Food Artist Creates Art And Makes Statement About Food Waste

Updated On
food waste artwork

We may collect a share of sales from items linked to on this page. Learn more.

Artist Narcelio Grud from Brazil has created urban artwork out of discarded fruits and vegetables to raise awareness about food wastage. According to some statistics, people who live in developed countries throw away 30 to 50 percent of their food.

Grud’s project, called “Tropical Hungry,” shows an open mouth made of food collected at local markets. Grud collected and separated the produce by color and got to work.

The significance of his project can be seen by a new report by the Institute of Mechanical Engineers, which has found that somewhere around ”30 and 50 percent of all the food that’s produced on the planet is lost and wasted without ever reaching human stomachs.”

The report notes that “the potential to provide 60–100% more food by simply eliminating losses, while simultaneously freeing up land, energy and water resources for other uses, is an opportunity that should not be ignored.” The report also points out that agriculture isn’t the problem—engineering is:

Controlling and reducing the level of wastage is frequently beyond the capability of the individual farmer, distributor or consumer, since it depends on market philosophies, security of energy supply, quality of roads and the presence of transport hubs. These are all related more to societal, political and economic norms, as well as better-engineered infrastructure, rather than to agriculture. In most cases the sustainable solutions needed to reduce waste are well known. The challenge is transferring this know-how to where it is needed, and creating the political and social environment which encourages both transfer and adoption of these ideas to take place.

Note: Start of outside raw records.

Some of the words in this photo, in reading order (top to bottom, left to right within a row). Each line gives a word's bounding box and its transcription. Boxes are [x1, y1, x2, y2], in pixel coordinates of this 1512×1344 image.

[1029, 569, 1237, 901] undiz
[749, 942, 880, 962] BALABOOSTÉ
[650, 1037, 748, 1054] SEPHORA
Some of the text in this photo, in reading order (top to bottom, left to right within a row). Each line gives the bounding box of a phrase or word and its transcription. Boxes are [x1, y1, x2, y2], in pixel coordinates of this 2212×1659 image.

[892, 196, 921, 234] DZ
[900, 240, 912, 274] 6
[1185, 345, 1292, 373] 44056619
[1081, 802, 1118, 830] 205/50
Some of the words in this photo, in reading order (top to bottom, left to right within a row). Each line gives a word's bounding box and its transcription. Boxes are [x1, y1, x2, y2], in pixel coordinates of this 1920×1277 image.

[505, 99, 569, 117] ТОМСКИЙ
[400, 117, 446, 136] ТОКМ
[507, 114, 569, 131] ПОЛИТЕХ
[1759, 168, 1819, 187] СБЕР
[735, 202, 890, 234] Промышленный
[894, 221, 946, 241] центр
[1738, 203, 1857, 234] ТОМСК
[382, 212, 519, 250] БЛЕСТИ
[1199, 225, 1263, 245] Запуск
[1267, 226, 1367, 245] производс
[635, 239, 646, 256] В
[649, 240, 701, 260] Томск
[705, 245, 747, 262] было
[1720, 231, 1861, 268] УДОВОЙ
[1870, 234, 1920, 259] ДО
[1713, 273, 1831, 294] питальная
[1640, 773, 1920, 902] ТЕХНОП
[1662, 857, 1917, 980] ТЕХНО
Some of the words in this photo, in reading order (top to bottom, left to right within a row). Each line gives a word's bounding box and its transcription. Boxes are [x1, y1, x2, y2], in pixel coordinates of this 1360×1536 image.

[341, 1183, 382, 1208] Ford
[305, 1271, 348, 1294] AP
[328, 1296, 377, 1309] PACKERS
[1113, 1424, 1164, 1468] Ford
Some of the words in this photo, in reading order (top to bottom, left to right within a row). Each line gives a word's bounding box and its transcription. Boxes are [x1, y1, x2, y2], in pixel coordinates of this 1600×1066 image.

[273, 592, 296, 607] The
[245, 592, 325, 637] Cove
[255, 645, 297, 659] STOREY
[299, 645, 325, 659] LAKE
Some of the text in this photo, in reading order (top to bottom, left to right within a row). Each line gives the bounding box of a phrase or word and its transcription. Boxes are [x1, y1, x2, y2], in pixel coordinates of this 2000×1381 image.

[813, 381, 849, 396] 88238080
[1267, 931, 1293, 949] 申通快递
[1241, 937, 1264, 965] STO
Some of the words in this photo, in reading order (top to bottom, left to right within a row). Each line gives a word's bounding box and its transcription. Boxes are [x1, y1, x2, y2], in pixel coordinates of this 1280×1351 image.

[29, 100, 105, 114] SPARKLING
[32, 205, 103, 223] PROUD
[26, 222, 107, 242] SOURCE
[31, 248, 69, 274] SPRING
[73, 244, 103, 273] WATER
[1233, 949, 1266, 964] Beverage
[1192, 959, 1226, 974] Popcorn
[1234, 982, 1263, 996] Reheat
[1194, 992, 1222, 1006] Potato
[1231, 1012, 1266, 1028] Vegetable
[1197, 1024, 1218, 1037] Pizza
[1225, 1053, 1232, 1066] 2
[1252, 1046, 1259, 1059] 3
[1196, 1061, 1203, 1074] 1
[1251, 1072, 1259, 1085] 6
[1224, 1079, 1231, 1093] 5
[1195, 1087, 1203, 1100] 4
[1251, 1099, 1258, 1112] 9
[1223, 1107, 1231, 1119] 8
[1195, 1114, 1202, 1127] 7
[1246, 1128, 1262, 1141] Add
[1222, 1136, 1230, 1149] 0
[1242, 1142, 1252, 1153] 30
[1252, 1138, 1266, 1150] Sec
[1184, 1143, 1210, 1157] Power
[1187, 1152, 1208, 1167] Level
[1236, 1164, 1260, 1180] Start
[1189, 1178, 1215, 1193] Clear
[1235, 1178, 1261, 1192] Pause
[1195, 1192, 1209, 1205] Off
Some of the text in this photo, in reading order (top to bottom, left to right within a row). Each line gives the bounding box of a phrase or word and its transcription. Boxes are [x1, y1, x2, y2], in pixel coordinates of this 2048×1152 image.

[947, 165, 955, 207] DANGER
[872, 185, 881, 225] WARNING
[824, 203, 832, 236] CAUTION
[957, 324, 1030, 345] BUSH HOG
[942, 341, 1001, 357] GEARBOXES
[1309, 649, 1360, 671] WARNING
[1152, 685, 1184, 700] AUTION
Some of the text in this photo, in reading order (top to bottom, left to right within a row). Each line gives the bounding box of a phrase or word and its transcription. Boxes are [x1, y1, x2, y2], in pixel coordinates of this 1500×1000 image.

If you’re looking for a way to not waste food, then look no further! As we’ve shared before, iRecycle®, powered by Earth911, launched an upgrade to help consumers learn how to properly dispose of unwanted leftovers.

iRecycle shares:

With nearly half a million downloads, iRecycle is already the premiere application for local disposal information. Earth911′s mobile application is based on Earth911′s one-of-a-kind recycling directory, with over 1.5 million local recycling and proper disposal opportunities for 350 different materials in every U.S. ZIP code. Users input a ZIP code, address, city or their current location and a material to find the most convenient solution for disposal.

“iRecycle is a great example of how Earth911 is moving recycling forward. With nearly half a million downloads already, we’re headed for an even more explosive release with this new version,” said Corey Lambrecht, President of Earth911, in a press release. “We’re leading the charge to get consumer products recycled by using our data – the best single resource available to make this a reality.”

According to the press release, the new version of iRecycle features:

  • iRecycle iOS v2.5.1 – optimized for iPhone 5, Retina iPad, and iOS 6
  • iRecycle Android v1.5 – optimized for Android devices. Support for many screen resolutions, including tablets
  • iRecycle now has a single focus: finding recycling centers
  • Vibrant color display to help distinguish categories
  • Social sharing of recycling listings is even easier with Facebook, Twitter, SMS or email
  • Susmita Baral

    Susmita is a writer and editor in the Greater New York City area. In her spare time, Susmita enjoys cooking, traveling, dappling in photography, art history and interior design, and moonlighting as a therapist for her loved ones.

1 thought on “Food Artist Creates Art And Makes Statement About Food Waste”

  1. Hi! I don’t want to sound like a “negative Nancy” here, but a new app is not going to reduce our culture’s food waste. Don’t get me wrong, what iRecycle is doing is a great idea to help dispose of food once it has actually become waste, but we also need to solve the root of the problem. Sadly, the root is a societal problem, and not one that has a quick solution. We need to change the way we think about food – learn how to be resourceful again, like in the agricultural days when food was scarce and a supermarket wasn’t on every corner. How many times have you thrown food away just because you didn’t like it? I know I am to blame, among others. We have to learn how to appreciate what we have, and not just throw it away because there is so much food available. We also need to reduce our consumption. (I.e. Don’t buy 10 lbs of bananas because they are on sale and then throw half away when they get “too brown”.) Okay, so that’s my two cents. I can promise you that I will try to reduce my waste, because the only way a huge problem like this can be solved is by individual initiative.